Triglycerides are the major type of lipid, or fat, found in the body. They are usually stored in adipose tissue, or fat cells, but can also circulate in the blood with the help of water-soluble proteins, or lipoproteins. High levels of triglycerides often go hand in hand with high cholesterol levels and may increase your risk of coronary artery disease and pancreatitis.
Structure
The term triglyceride reflects its chemical structure. Triglycerides consist of three long-chain fatty acid molecules bound to one alcohol glycerol molecule. The most common fatty acid molecules in triglycerides are stearic acid, palmitic acid and oleic acid.
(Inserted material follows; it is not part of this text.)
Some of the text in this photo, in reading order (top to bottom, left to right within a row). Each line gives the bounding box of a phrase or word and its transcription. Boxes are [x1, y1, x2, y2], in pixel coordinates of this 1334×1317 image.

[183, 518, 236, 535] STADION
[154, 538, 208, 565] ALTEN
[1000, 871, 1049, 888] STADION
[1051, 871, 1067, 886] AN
Triglycerides and their derivatives also serve as the backbone of other types of lipids, like cholesterol.
Function
After a meal, your body converts any calories it doesn't immediately need into triglycerides. Triglycerides store these unused calories from dietary fats, carbohydrates and proteins in fat cells for later use. Between meals, the body metabolizes triglycerides as an energy source. Their metabolism releases large amounts of energy, more than twice the energy released in carbohydrate and protein metabolism.
Sources
There are two sources of triglycerides: dietary sources and endogenous production, or manufacture within the body. Dietary triglycerides mainly come from eating animal fats, such as meats and dairy products. The liver processes these triglycerides, packages them within lipoproteins, and releases them into circulation, where they are picked up by cells when needed. When dietary lipids are not available, the liver can produce triglycerides itself from other energy sources, like carbohydrates.
Blood Levels
Since a high blood triglyceride level, or hypertriglyceridemia, is associated with an increased risk of developing heart disease, the American Heart Association recommends that blood triglyceride levels be in the healthy, or "desirable" range, which is less than 150mg/dl. Mayo Clinic cardiologists recommend that the amount should be below 100mg/dl.